Capítulo 9 – Aquele com a primeira briga feia de Lana e Ander

 
O meu sábado começou com uma irritada Lana Hassenback andando de um lado para o outro na minha cozinha.

- Você podia muito bem ter evitado aquilo, Ander!

- Sim, com certeza. Da próxima vez eu vou num supermercado na zona Norte só para te fazer feliz! – Tentei ser engraçado, mas ela interpretou como desdém. – Você ficou nervosa só pelo encontro? Qual é, Lana! Nós transamos depois que você o deixou numa festa sozinho, lembra? Ontem foi uma brincadeira de criança. Até gostei dele!

- Por que você está falando desse jeito?

- Desse jeito como?

- Você está falando com esse jeito maldoso! Aquilo tudo foi... Foi...

- Desagradável? Ruim? Terrível? O que foi aquilo, Lana? Tenho a leve impressão que você só se tocou que o Bruno existe entre nós depois de ontem. Ele existe e é o seu futuro marido! – Me aproximei dela, pressionando-a contra a mesa. – E olha só... – Toquei sua orelha com os lábios e segurei a mão usada para me afastar. - Você o traiu comigo.

As íris esverdeadas arregalaram espantadas ao ver a maldade nas minhas palavras.
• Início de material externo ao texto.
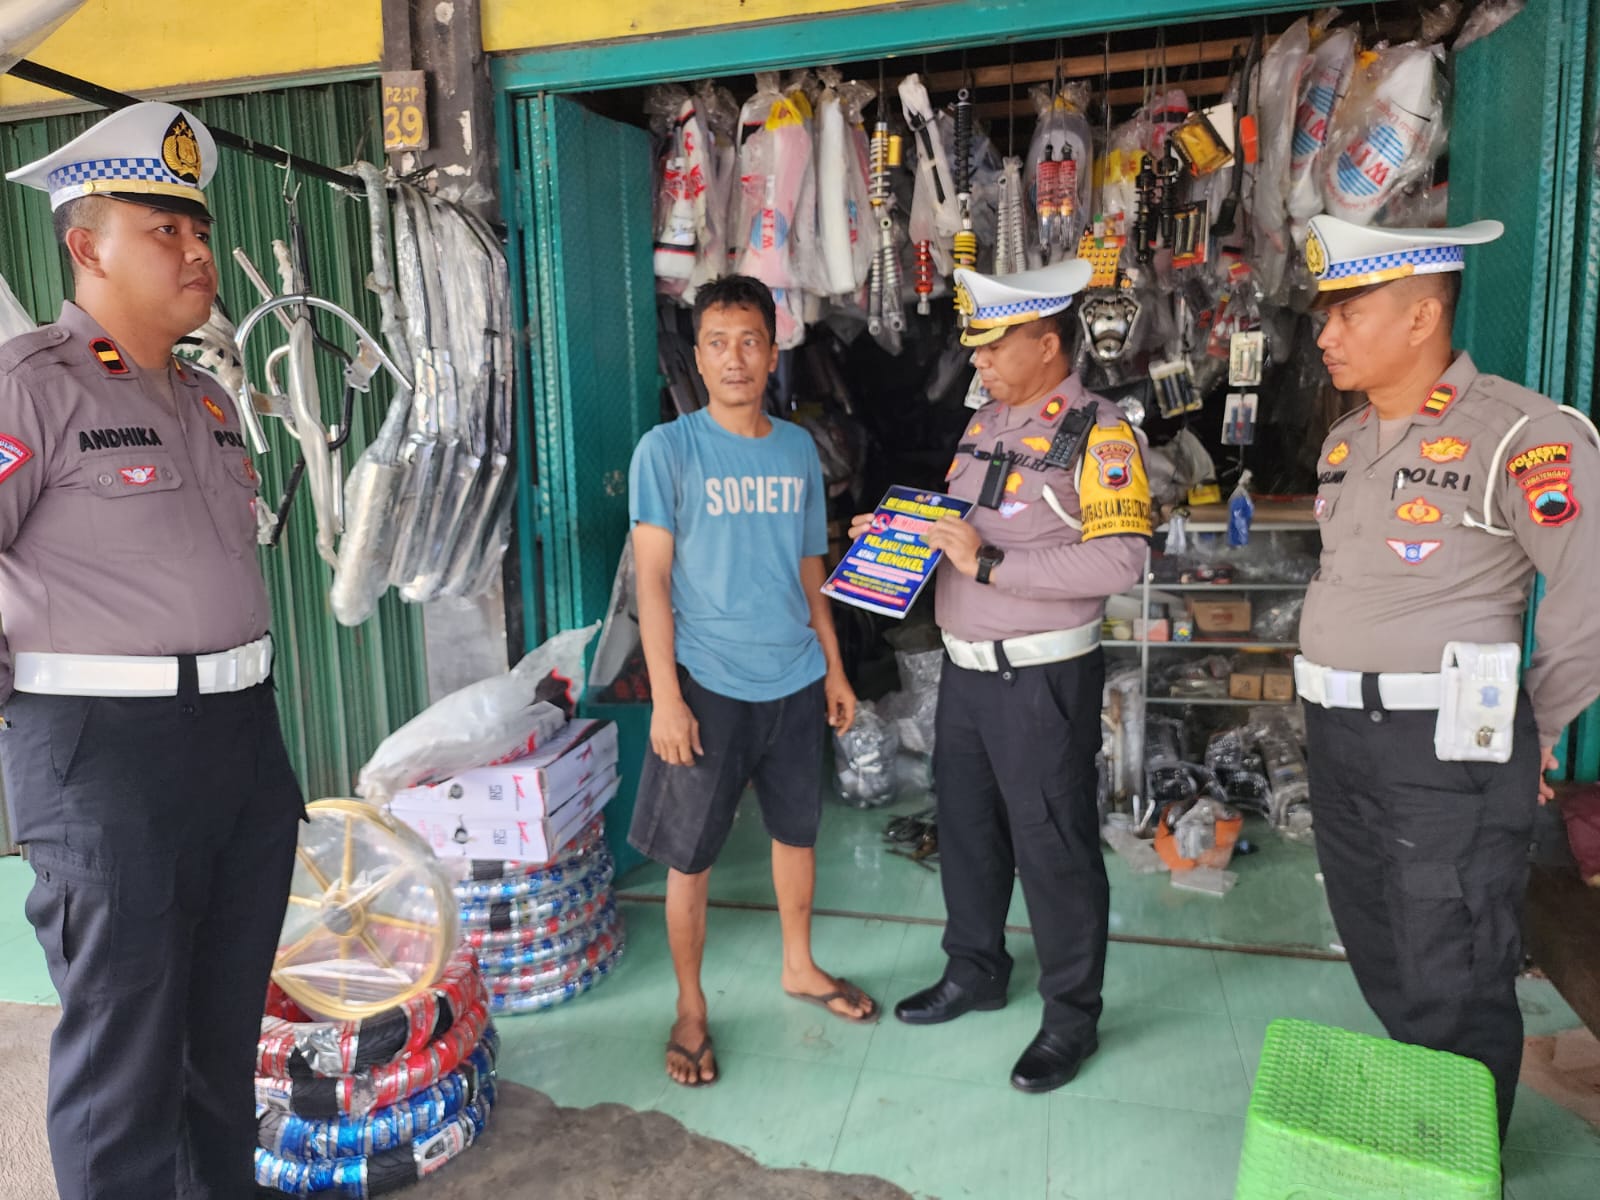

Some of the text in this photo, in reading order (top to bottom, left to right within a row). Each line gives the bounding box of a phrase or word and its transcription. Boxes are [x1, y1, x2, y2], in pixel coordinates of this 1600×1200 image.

[79, 427, 163, 452] ANDHIKA
[1394, 467, 1471, 492] POLRI
[705, 476, 804, 516] SOCIETY
Não fora minha intenção, mas parece que Lana tinha perdido o bom senso dando uma crise a troco de nada.

- Achei que tudo aquilo poderia ser esquecido.

- Eu também achei que poderia ser esquecido, mas você parece que ficou extremamente nervosa ou sei lá, envergonhada, com o que aconteceu ontem. Agora eu te pergunto... Por quê?

- Ander...

- Se é para esquecer, vamos esquecer, mas não adianta você agir como se quisesse me esconder dele. Isso é ridículo! A traição é uma realidade e eu também! Ou agora que ele me conhece você vai simplesmente se afastar? Agora não é mais tão divertido me manter na sua vida simplesmente por ser egoísta demais para me deixar partir?

Suas expressões foram da surpresa, indo ao puro choque e por fim, à lágrimas de raiva. Pela primeira vez, em todos esses anos, fui capaz de atingi-la com minhas palavras. Ela me deu um empurrão e seguiu em direção a cozinha.

- Volta aqui, Hassenback! - Eu a puxei pela cintura e a joguei contra a parede. Ela se debateu, tentando escapar dos meus braços. Segurei seu rosto, forçando Lana a me olhar. – Eu estou cansado de me sentir um babaca usado por você! Na verdade, acho que tudo isso para você é um grande e divertido jogo no qual eu e o Bruno somos seus subordinados. Quando se cansar de nós vai fazer o que? Nos substituir?

Como resposta, recebi um tapa tão forte no rosto que fiquei meio zonzo.

- Você é um imbecil, Ander! Eu te odeio!

Ela saiu do meu apartamento batendo a porta com muita força. Soltei o ar preso durante todo o tempo da briga e precisei me sentar na cadeira.

Liguei para Alexia depois de meia hora refletindo sobre toda a briga com Lana.

“Opa!”

- Você já sabe ou posso te contar em primeira mão?

“Não sei, mas recebi uma mensagem em caps lock com os dizeres ‘EU ODEIO O ANDER!’ Bem, acho que você fez alguma coisa.”

- Eu fui no mercado ontem e encontrei nada mais, nada menos que o digníssimo Bruno.

“O Bruno da Lana?”

- É.

“Tu tá de sacanagem.”

- Não, não estou. Eles estavam no mesmo mercado que eu. Comecei a conversar com ele sobre macarrão sem saber que era o mesmo Bruno, até o momento em que a Lana apareceu.

“E aí?”

- Eu tentei levar aquilo numa boa, mas (...) - Quando terminei de contar o encontro no mercado, Alexia riu alto. – Ela ficou muito nervosa, sério! Inclusive, doeu o tapa!

“Ainda não consigo acreditar que você desestruturou minha amiga!”

- Eu sei que peguei pesado, mas caralho, Lexi! O jeito que ela agiu foi completamente sem noção. É como se tivesse percebido que o traiu comigo e não queria lidar com nada daquilo, sabe?

“É, não podemos negar que você falou pra magoar mesmo, mas acredito que o problema não foram as palavras, mas sim o modo que foi dito.”

- Você acha que eu devo me desculpar? Eu confesso que mesmo depois de ter dito aquilo ainda estou com sentimento de culpa. Meio aliviado, mas culpado.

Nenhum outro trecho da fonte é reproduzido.